_Material to process:_

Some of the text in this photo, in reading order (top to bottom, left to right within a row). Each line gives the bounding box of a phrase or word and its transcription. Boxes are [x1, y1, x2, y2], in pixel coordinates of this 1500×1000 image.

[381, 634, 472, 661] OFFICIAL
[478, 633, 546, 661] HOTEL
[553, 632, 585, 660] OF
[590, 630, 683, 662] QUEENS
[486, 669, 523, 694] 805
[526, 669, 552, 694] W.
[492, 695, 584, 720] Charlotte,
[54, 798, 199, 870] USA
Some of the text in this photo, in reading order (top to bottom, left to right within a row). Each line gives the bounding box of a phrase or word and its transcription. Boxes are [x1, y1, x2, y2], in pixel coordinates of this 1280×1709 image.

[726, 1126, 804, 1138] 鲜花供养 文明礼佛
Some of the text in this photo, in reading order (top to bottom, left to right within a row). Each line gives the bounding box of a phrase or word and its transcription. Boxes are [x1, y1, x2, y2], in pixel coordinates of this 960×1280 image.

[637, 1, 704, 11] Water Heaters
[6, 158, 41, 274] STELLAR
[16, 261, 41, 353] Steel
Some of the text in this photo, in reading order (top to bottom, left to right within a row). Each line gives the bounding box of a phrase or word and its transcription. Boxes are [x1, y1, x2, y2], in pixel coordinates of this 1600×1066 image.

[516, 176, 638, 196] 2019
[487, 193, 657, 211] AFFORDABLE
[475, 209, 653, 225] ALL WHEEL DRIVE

_Aim of the task:_ Give all the entries again exactly; leave none out.

_Output below:_
Some of the text in this photo, in reading order (top to bottom, left to right within a row). Each line gives the bounding box of a phrase or word and its transcription. Boxes are [x1, y1, x2, y2], in pixel coordinates of this 1500×1000 image.

[381, 634, 472, 661] OFFICIAL
[478, 633, 546, 661] HOTEL
[553, 632, 585, 660] OF
[590, 630, 683, 662] QUEENS
[486, 669, 523, 694] 805
[526, 669, 552, 694] W.
[492, 695, 584, 720] Charlotte,
[54, 798, 199, 870] USA
Some of the text in this photo, in reading order (top to bottom, left to right within a row). Each line gives the bounding box of a phrase or word and its transcription. Boxes are [x1, y1, x2, y2], in pixel coordinates of this 1280×1709 image.

[726, 1126, 804, 1138] 鲜花供养 文明礼佛
Some of the text in this photo, in reading order (top to bottom, left to right within a row). Each line gives the bounding box of a phrase or word and its transcription. Boxes are [x1, y1, x2, y2], in pixel coordinates of this 960×1280 image.

[637, 1, 704, 11] Water Heaters
[6, 158, 41, 274] STELLAR
[16, 261, 41, 353] Steel
Some of the text in this photo, in reading order (top to bottom, left to right within a row). Each line gives the bounding box of a phrase or word and its transcription. Boxes are [x1, y1, x2, y2], in pixel coordinates of this 1600×1066 image.

[516, 176, 638, 196] 2019
[487, 193, 657, 211] AFFORDABLE
[475, 209, 653, 225] ALL WHEEL DRIVE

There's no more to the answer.